**PROVIDED RECORDS**.
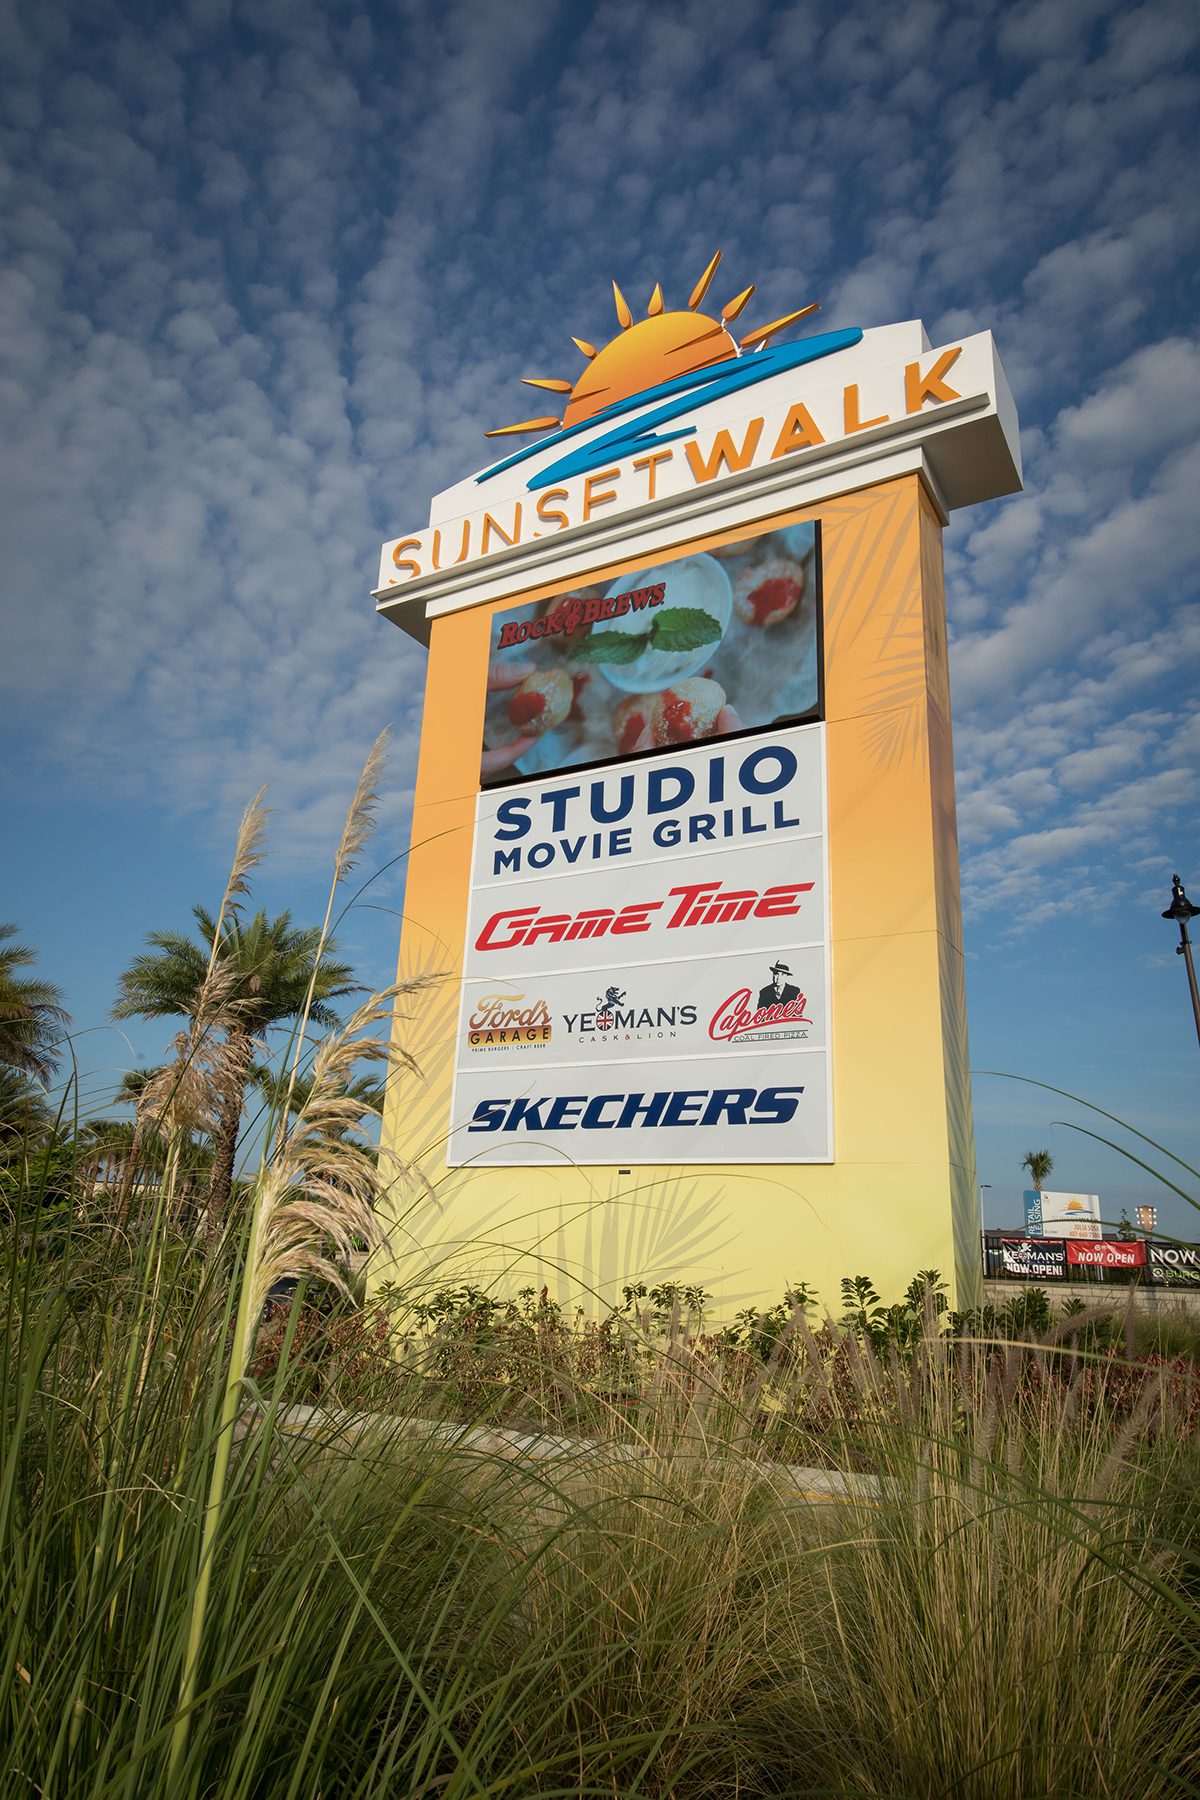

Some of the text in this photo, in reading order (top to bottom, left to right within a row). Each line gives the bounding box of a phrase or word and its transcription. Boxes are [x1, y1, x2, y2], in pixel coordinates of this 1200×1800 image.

[498, 612, 563, 649] ROCK
[582, 582, 667, 624] BREWS
[494, 745, 798, 841] STUDIO
[493, 800, 800, 875] MOVIE GRILL
[468, 993, 553, 1030] Ford's
[709, 988, 813, 1041] Capone's
[470, 1027, 550, 1045] GARAGE
[757, 1032, 781, 1040] FIRED
[783, 1031, 807, 1039] PIZZA
[467, 1086, 805, 1133] SKECHERS
[1027, 1207, 1035, 1235] RETAIL
[1034, 1199, 1042, 1235] LEASING
[1006, 1263, 1062, 1275] NOW OPEN!
[1078, 1252, 1135, 1264] NOW OPEN
[1151, 1249, 1196, 1264] NOW
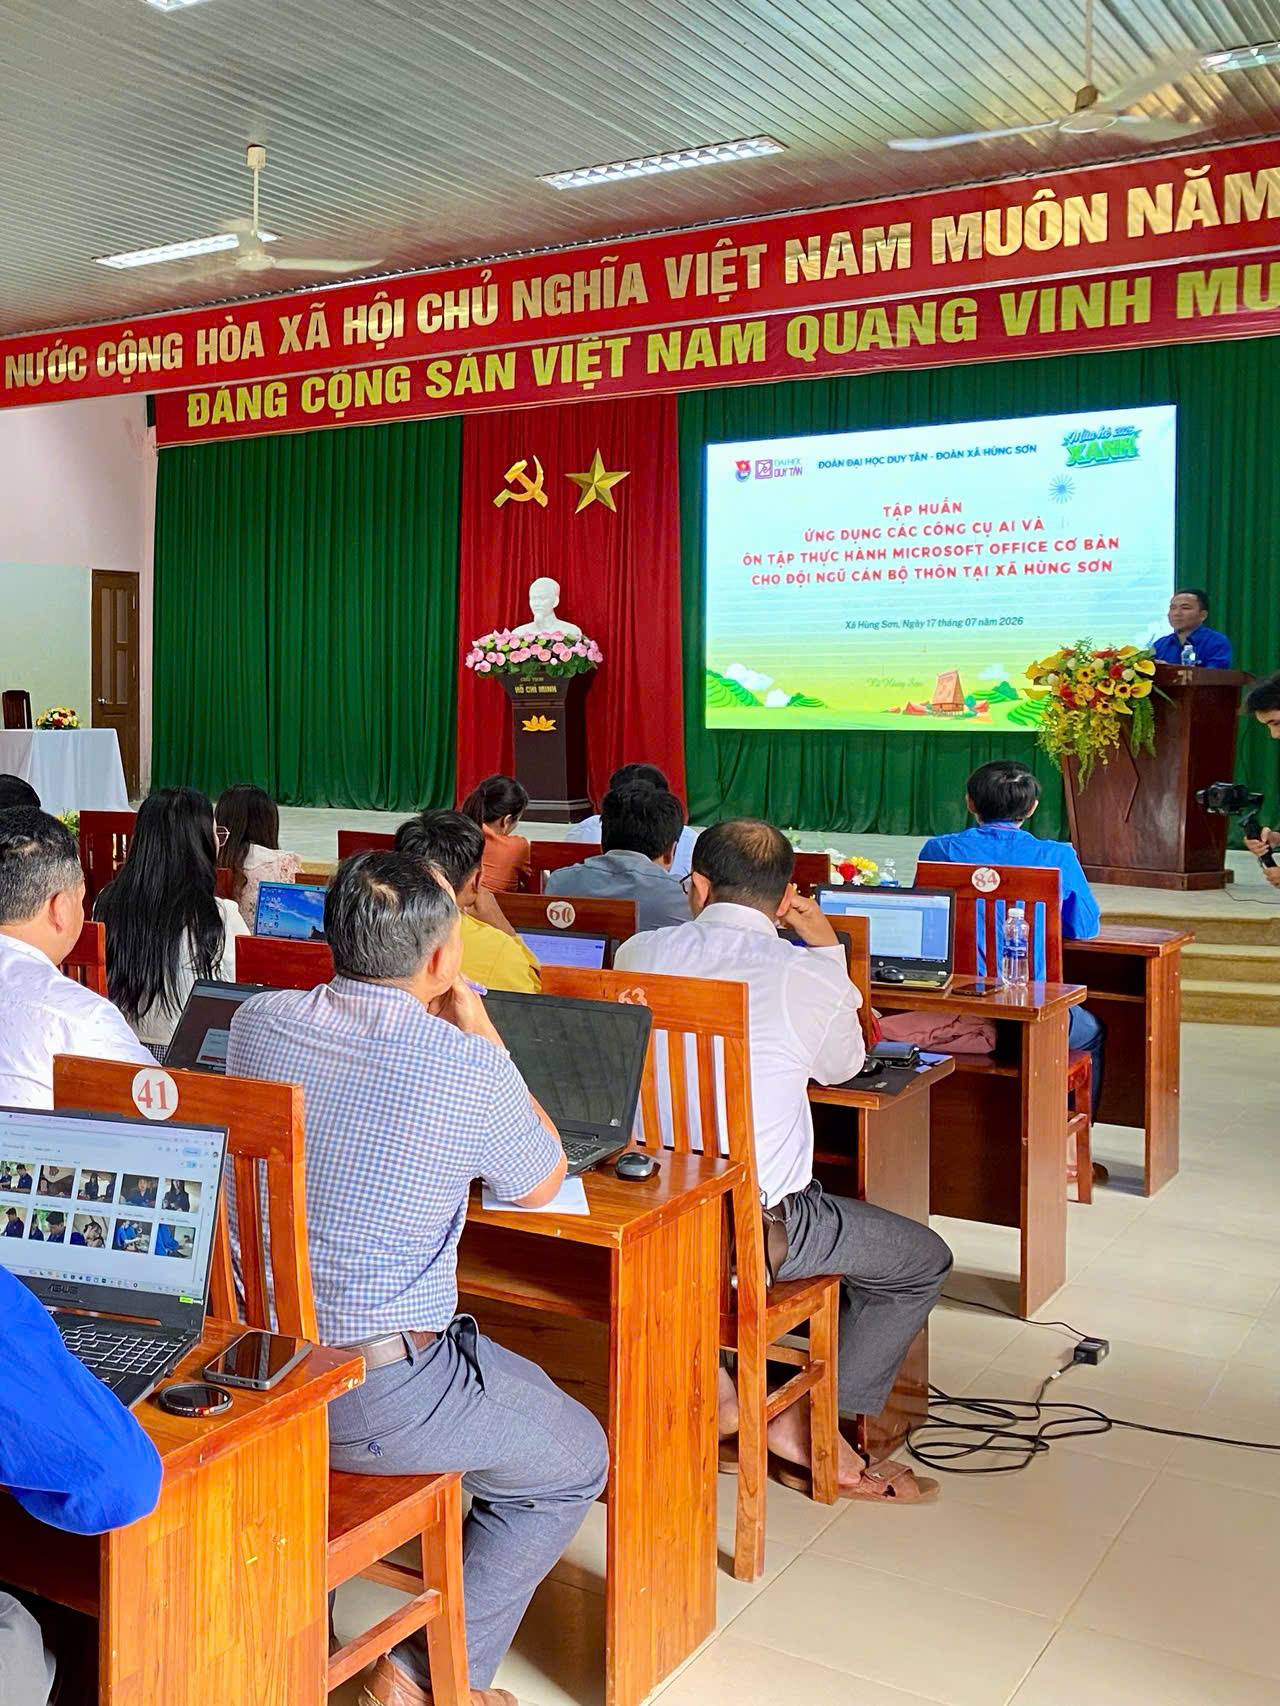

**EXERCISE**. Each record should be written out exactly, and each image should be omitted.

**ANSWER FOR THE TASK**.
Some of the text in this photo, in reading order (top to bottom, left to right within a row). Each line gives the bounding box of a phrase or word and its transcription. Boxes are [x1, y1, x2, y2], in pixel coordinates of this 1200×1800 image.

[498, 612, 563, 649] ROCK
[582, 582, 667, 624] BREWS
[494, 745, 798, 841] STUDIO
[493, 800, 800, 875] MOVIE GRILL
[468, 993, 553, 1030] Ford's
[709, 988, 813, 1041] Capone's
[470, 1027, 550, 1045] GARAGE
[757, 1032, 781, 1040] FIRED
[783, 1031, 807, 1039] PIZZA
[467, 1086, 805, 1133] SKECHERS
[1027, 1207, 1035, 1235] RETAIL
[1034, 1199, 1042, 1235] LEASING
[1006, 1263, 1062, 1275] NOW OPEN!
[1078, 1252, 1135, 1264] NOW OPEN
[1151, 1249, 1196, 1264] NOW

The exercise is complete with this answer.